LETTURE – Colui che rimane in Me porta molto frutto.

.La Parola di Dio è un seme che in noi deve crescere e portare frutto: ma per giungere a questo è necessario porre mente ad essa, custodirla, meditarla con pazienza, portarla a lungo in noi fino a giungere alla luce della Verità.

 

VANGELO – Senza di Me fate niente.

.L’uomo è un essere che fa esperienza del niente e della vanità di tante cose, anche della sua stessa vita. Non basta sudare, faticare, lavorare, guadagnare, per fare qualcosa nella vita. Se non ci preoccupiamo di conoscere Dio, facciamo niente e riduciamo a niente tutto ciò che facciamo. Tutto passa: in noi e di noi resterà solo l’amore che avremo avuto per Dio e ciò che avremo raccolto in Lui, amato in Lui e da Lui.

 

OFFERTORIO – Chi non rimane in Me viene gettato via come un tralcio secco.

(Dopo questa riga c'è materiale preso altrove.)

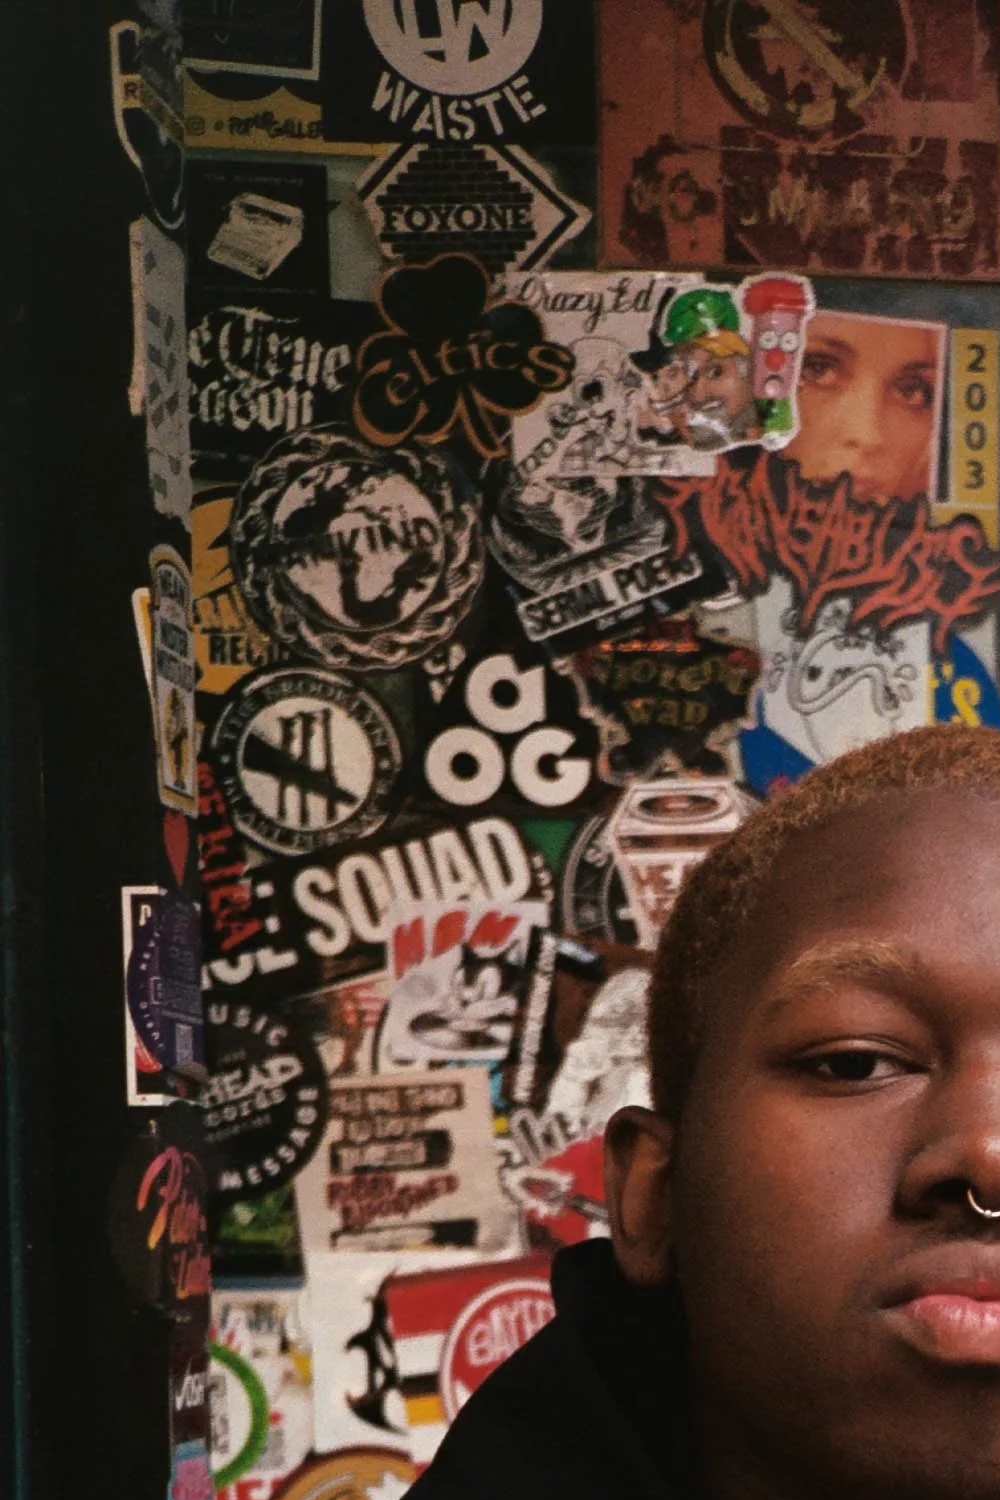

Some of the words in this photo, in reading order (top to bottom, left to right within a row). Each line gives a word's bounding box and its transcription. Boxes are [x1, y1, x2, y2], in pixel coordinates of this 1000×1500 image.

.Imparare a rimanere con Dio e in Dio è imparare a pensare, e imparare a pensare è imparare a raccogliere ogni cosa in Colui che è il Principio di tutto, a stabilire in tutto un rapporto con Lui.

 

CONSACRAZIONE – Rimanete in Me ed Io rimarrò in voi

.Questo è il mio corpo, questo il mio sangue sparso

 

COMUNIONE – Se rimanete in Me e le mie parole rimangono in voi, sarete veri miei discepoli.

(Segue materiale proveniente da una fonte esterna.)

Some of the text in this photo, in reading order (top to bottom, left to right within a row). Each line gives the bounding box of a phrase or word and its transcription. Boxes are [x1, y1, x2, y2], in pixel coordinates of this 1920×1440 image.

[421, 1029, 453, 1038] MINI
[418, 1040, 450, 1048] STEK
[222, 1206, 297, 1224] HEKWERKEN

.Solo da Dio noi possiamo imparare ad essere con Dio come Dio è con noi.

 

Conclusione: L’uomo è un essere che porta in sé un mistero più grande di sé. Dio è in noi più grande di quanto noi siamo, perché è con noi più di quanto noi possiamo essere con Lui. Solo da Lui noi possiamo imparare ad essere con Lui come Lui è con noi. Per questo è necessario restare in ascolto di Lui, pensare a Lui e imparare ad ascoltare ed a capire le sue parole, questo vincolo di unione attraverso il quale siamo introdotti nella conoscenza di Lui e quindi nella nostra vita vera, poiché si entra nel Regno eterno della Luce ascoltando e capendo le Parole di Dio. Non si può essere discepoli di Cristo se non si rimane nelle sue parole, e se non si rimane in esse non si può giungere a conoscere la Verità. E sottrarci alla conoscenza della Verità è sottrarci alla vita.